■ **TASK GOAL**
Set down every record below exactly as written, but leave out the pictures.

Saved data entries
----------

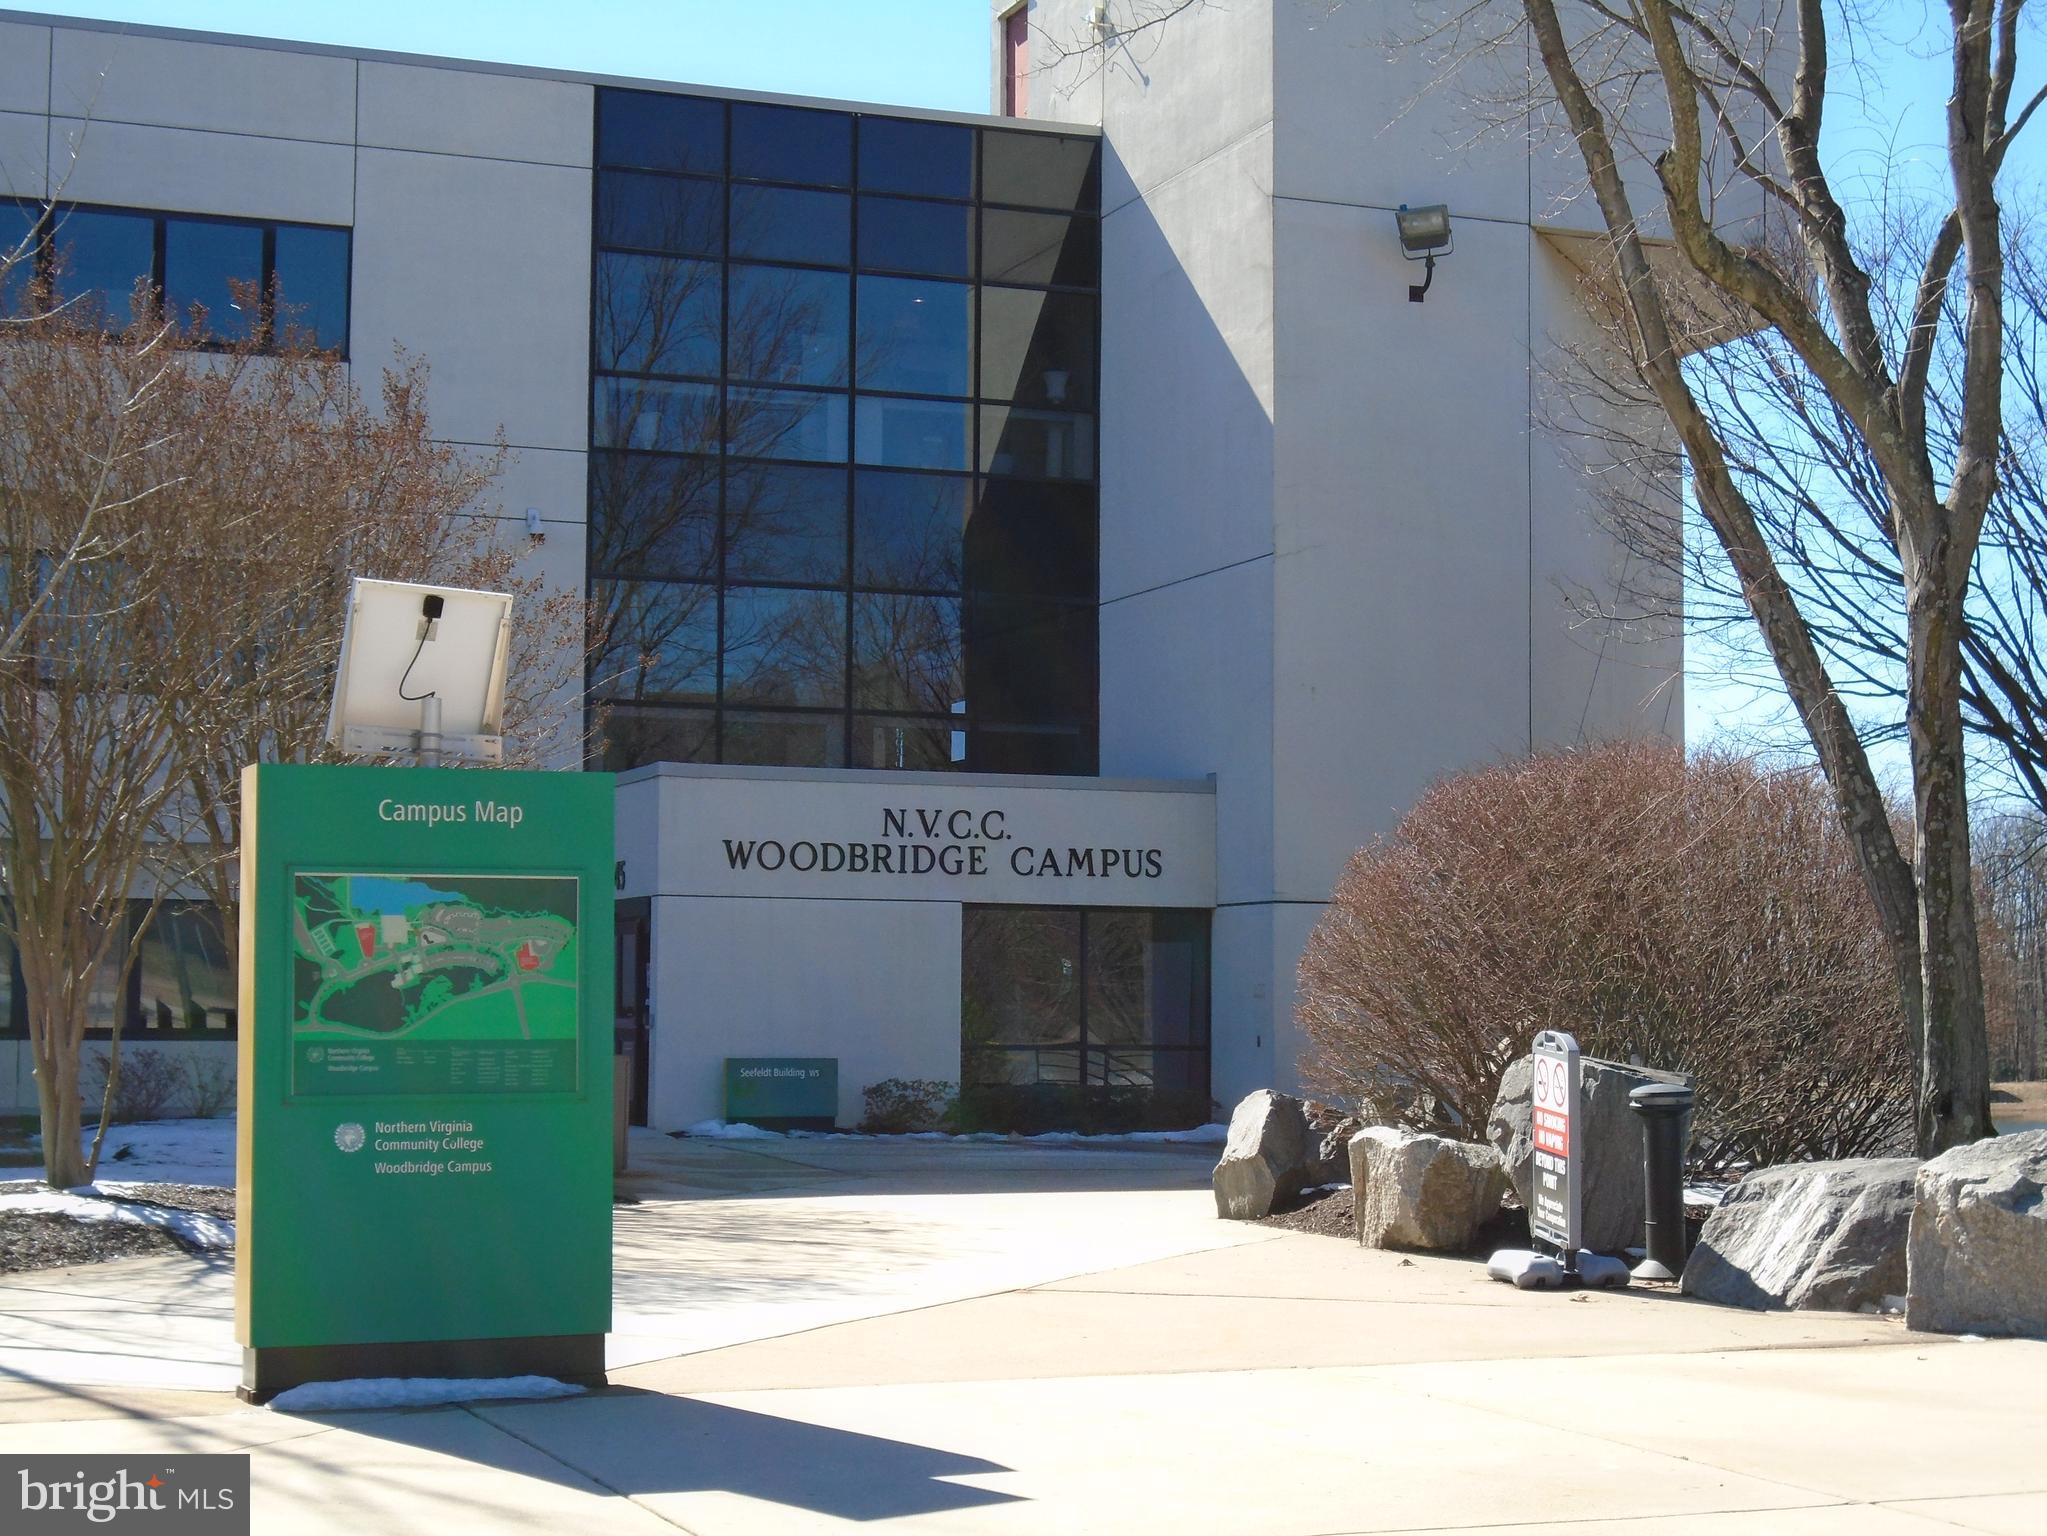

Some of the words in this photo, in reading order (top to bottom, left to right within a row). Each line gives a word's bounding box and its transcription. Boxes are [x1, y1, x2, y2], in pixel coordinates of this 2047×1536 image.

[378, 799, 467, 828] Campus
[474, 800, 524, 829] Map
[882, 808, 1012, 841] N.V.C.C.
[722, 839, 988, 876] WOODBRIDGE
[1010, 846, 1163, 879] CAMPUS
[773, 1067, 806, 1079] Building
[375, 1121, 426, 1134] Northern
[430, 1120, 473, 1135] Virginia
[375, 1139, 439, 1152] Community
[442, 1138, 484, 1152] College
[375, 1161, 444, 1176] Woodbridge
[447, 1160, 492, 1174] Campus
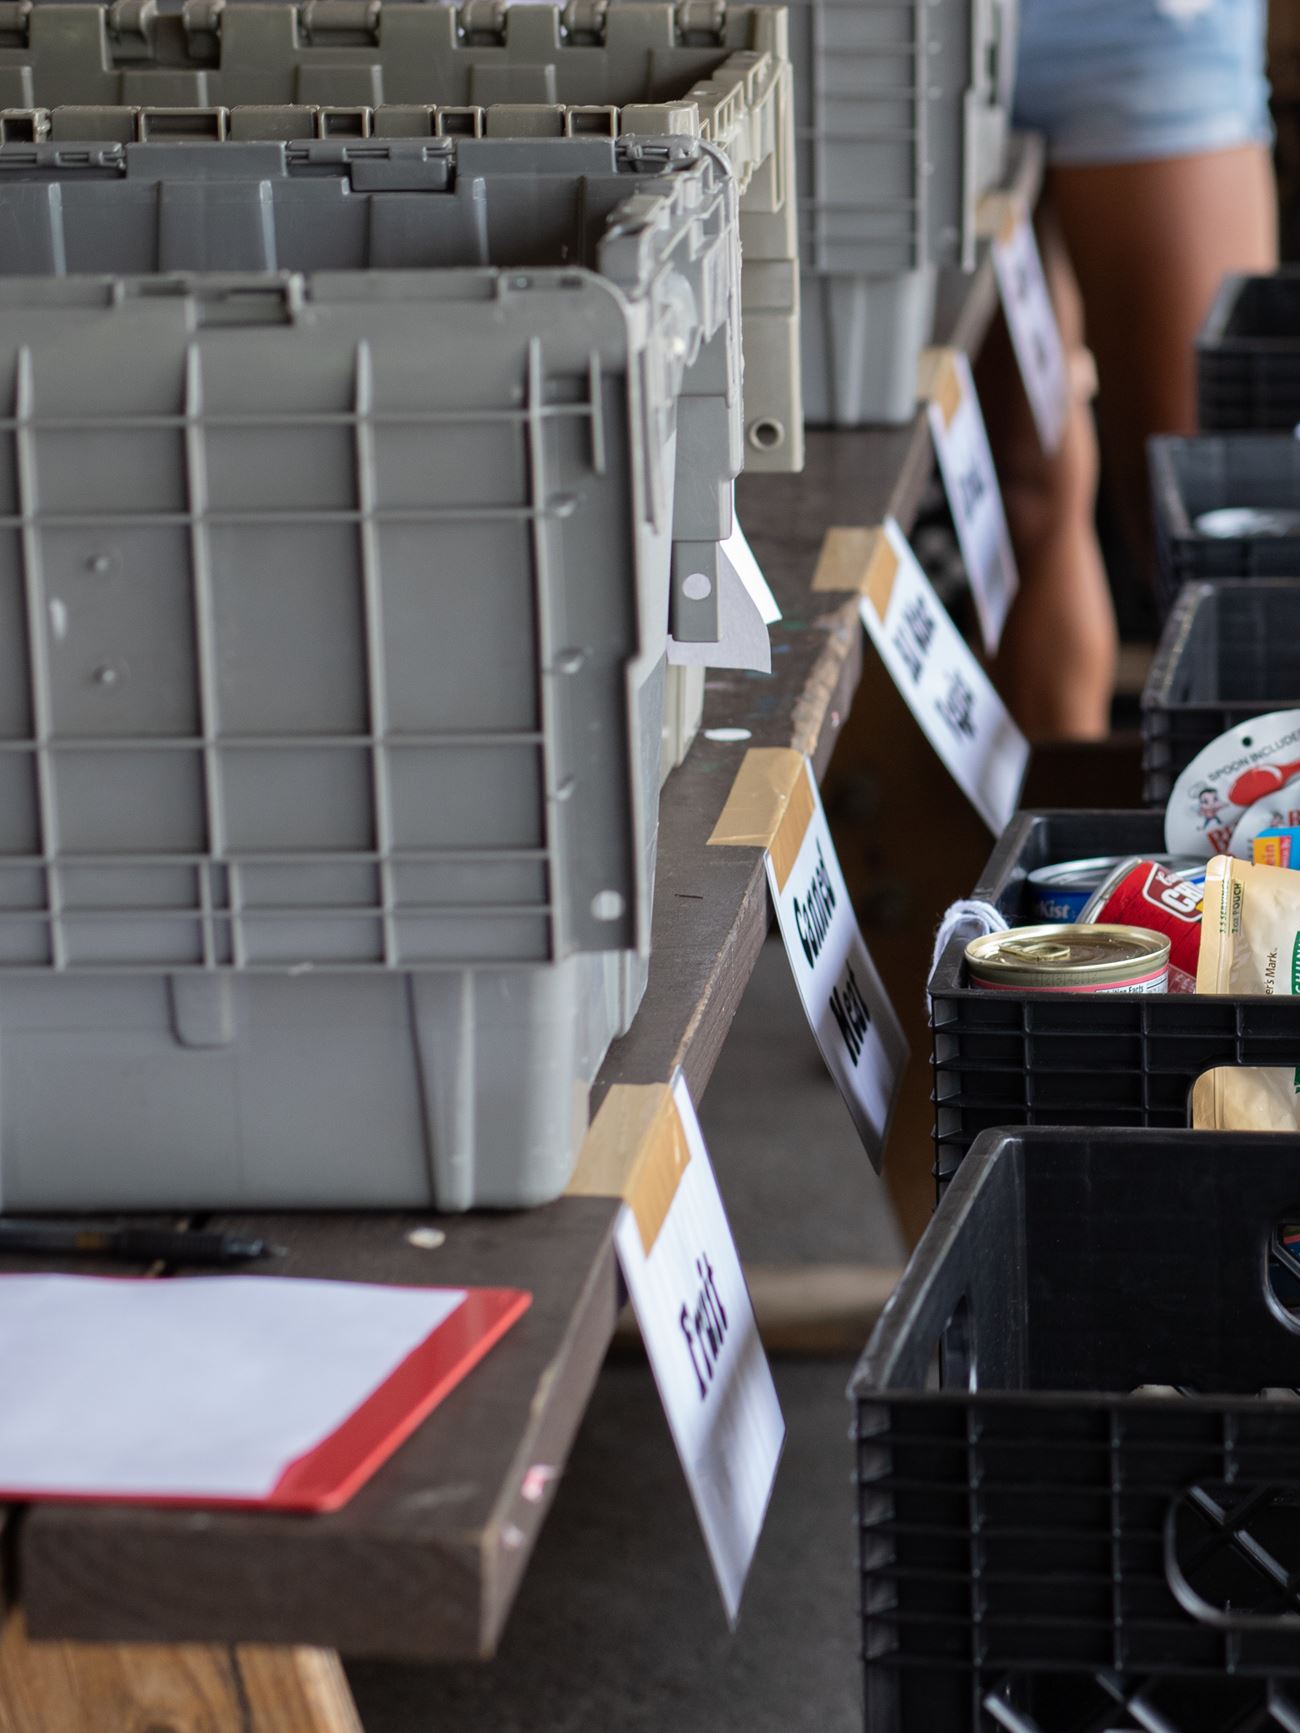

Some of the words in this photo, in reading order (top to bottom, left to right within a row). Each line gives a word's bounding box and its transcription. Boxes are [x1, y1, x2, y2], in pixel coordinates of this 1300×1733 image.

----------

■ **COMPLETED TASK**
Some of the words in this photo, in reading order (top to bottom, left to right within a row). Each line gives a word's bounding box and its transcription. Boxes are [x1, y1, x2, y2], in pixel coordinates of this 2047×1536 image.

[378, 799, 467, 828] Campus
[474, 800, 524, 829] Map
[882, 808, 1012, 841] N.V.C.C.
[722, 839, 988, 876] WOODBRIDGE
[1010, 846, 1163, 879] CAMPUS
[773, 1067, 806, 1079] Building
[375, 1121, 426, 1134] Northern
[430, 1120, 473, 1135] Virginia
[375, 1139, 439, 1152] Community
[442, 1138, 484, 1152] College
[375, 1161, 444, 1176] Woodbridge
[447, 1160, 492, 1174] Campus

Some of the words in this photo, in reading order (top to bottom, left to right within a row). Each line gives a word's bounding box and its transcription. Boxes are [x1, y1, x2, y2], in pixel coordinates of this 1300×1733 image.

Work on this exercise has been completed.